- [DATA IN THIS EXERCISE]:
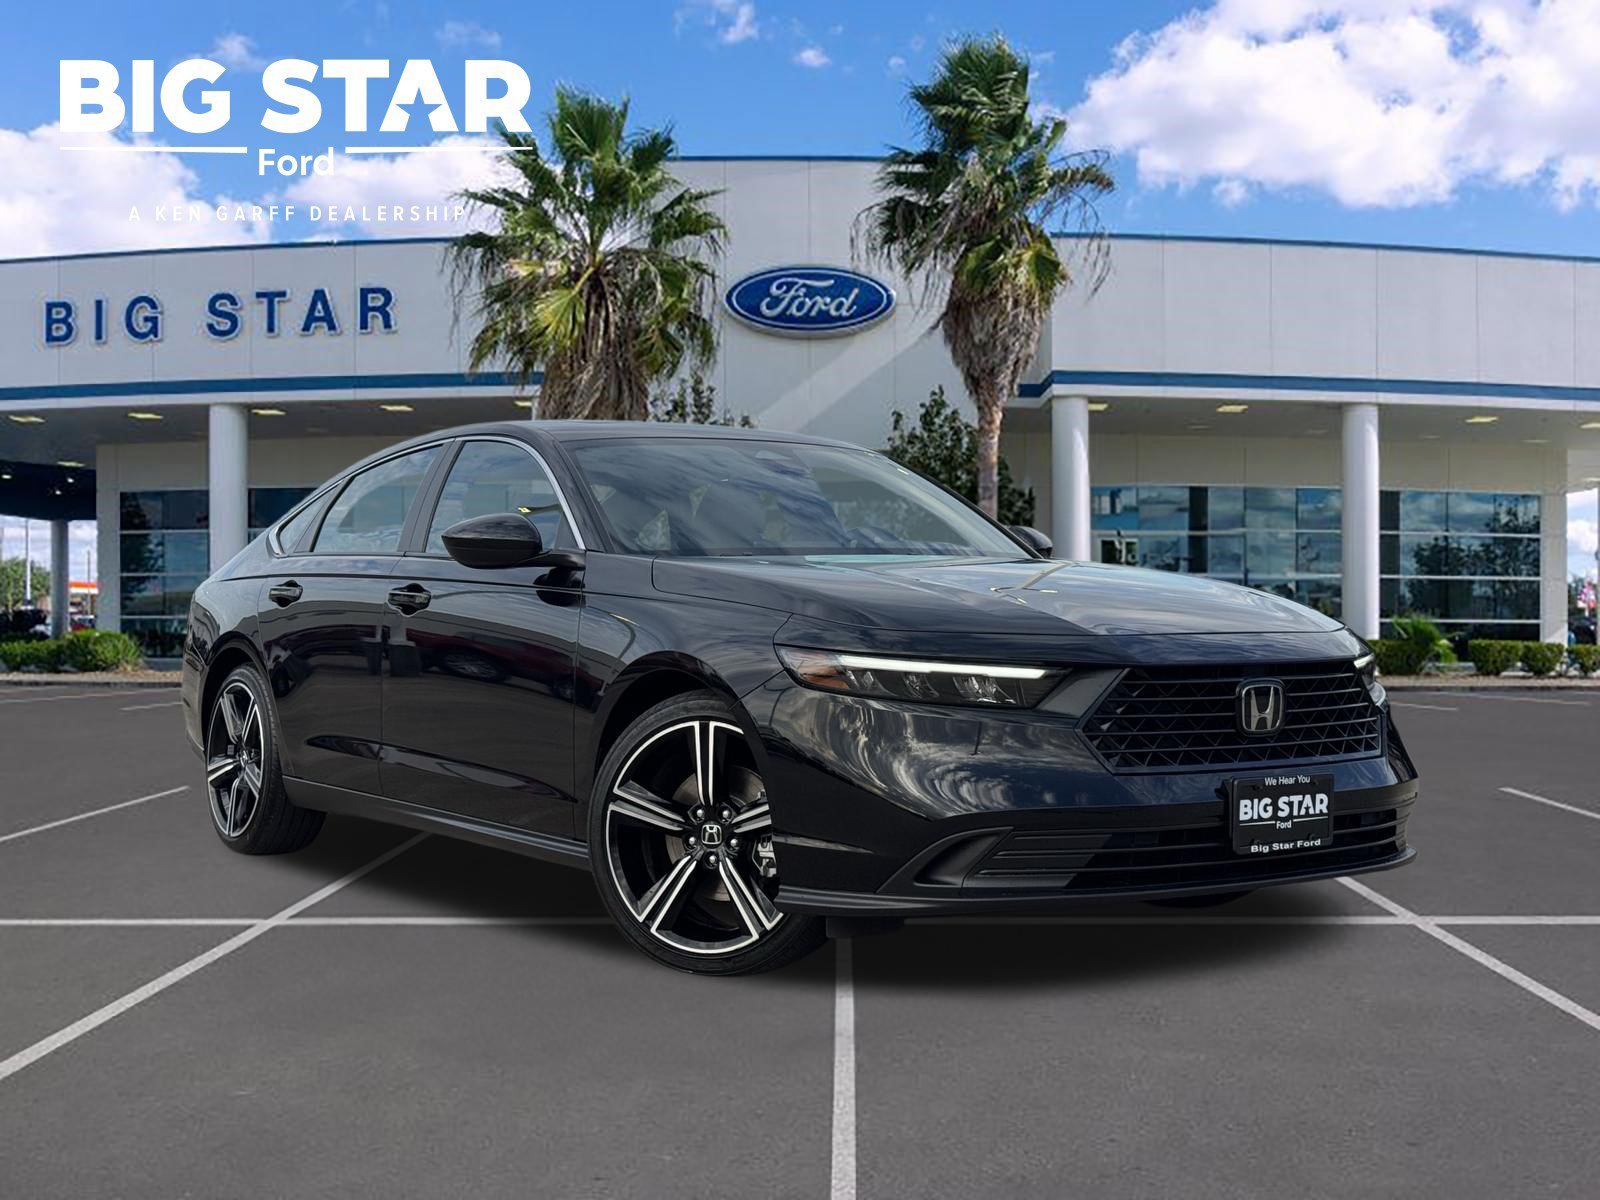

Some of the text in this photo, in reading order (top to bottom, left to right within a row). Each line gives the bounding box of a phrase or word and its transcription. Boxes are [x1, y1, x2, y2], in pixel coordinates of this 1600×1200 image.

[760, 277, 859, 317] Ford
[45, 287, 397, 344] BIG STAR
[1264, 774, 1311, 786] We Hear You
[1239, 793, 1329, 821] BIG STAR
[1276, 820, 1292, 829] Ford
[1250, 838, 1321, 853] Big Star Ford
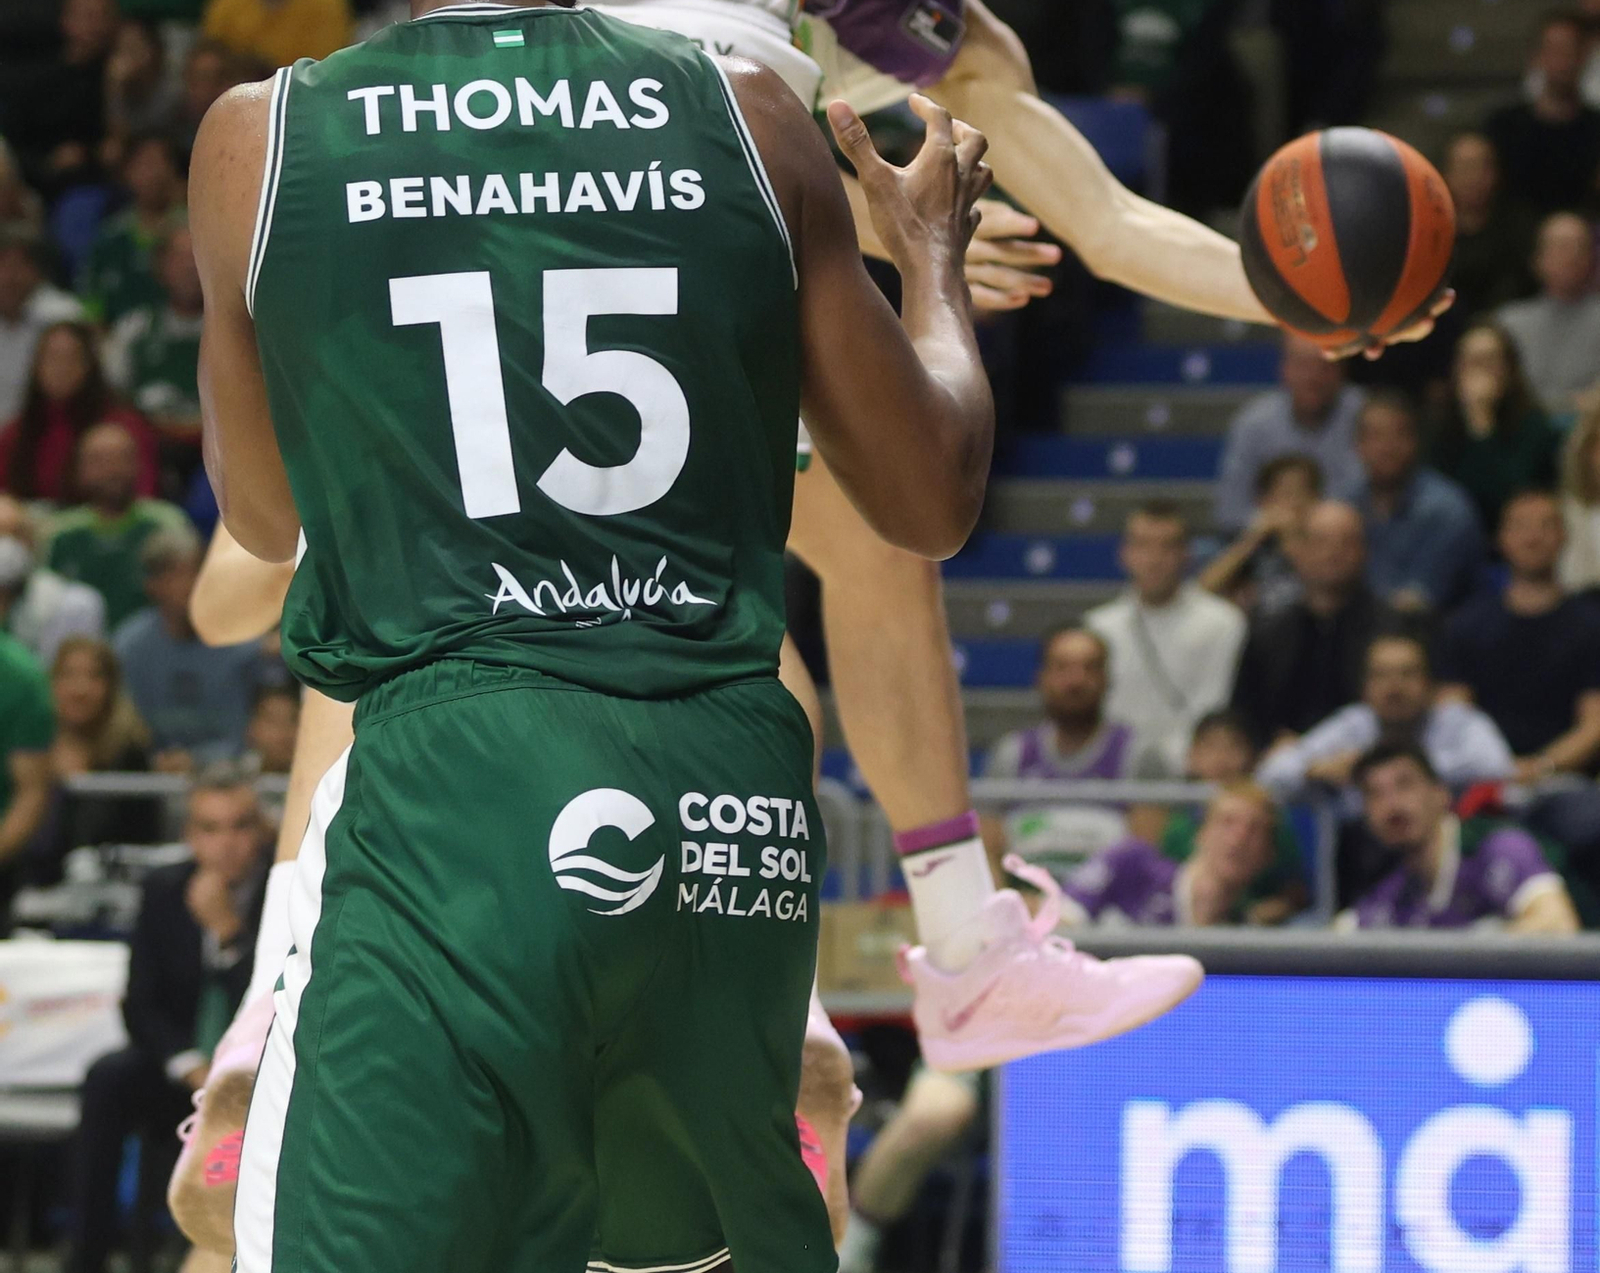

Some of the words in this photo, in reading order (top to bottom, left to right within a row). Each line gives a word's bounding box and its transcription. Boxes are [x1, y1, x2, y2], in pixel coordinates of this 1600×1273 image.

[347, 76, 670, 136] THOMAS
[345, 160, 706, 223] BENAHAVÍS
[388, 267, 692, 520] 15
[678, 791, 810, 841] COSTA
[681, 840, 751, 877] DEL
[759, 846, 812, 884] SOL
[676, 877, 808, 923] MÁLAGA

- [WORK REQUEST]: Could you print all of the entries above exactly as written, minus the pictures?

- [SOLUTION TO THIS EXERCISE]:
Some of the text in this photo, in reading order (top to bottom, left to right within a row). Each line gives the bounding box of a phrase or word and its transcription. Boxes are [x1, y1, x2, y2], in pixel coordinates of this 1600×1200 image.

[760, 277, 859, 317] Ford
[45, 287, 397, 344] BIG STAR
[1264, 774, 1311, 786] We Hear You
[1239, 793, 1329, 821] BIG STAR
[1276, 820, 1292, 829] Ford
[1250, 838, 1321, 853] Big Star Ford

Some of the words in this photo, in reading order (top to bottom, left to right within a row). Each line gives a word's bounding box and its transcription. Boxes are [x1, y1, x2, y2], in pixel coordinates of this 1600×1273 image.

[347, 76, 670, 136] THOMAS
[345, 160, 706, 223] BENAHAVÍS
[388, 267, 692, 520] 15
[678, 791, 810, 841] COSTA
[681, 840, 751, 877] DEL
[759, 846, 812, 884] SOL
[676, 877, 808, 923] MÁLAGA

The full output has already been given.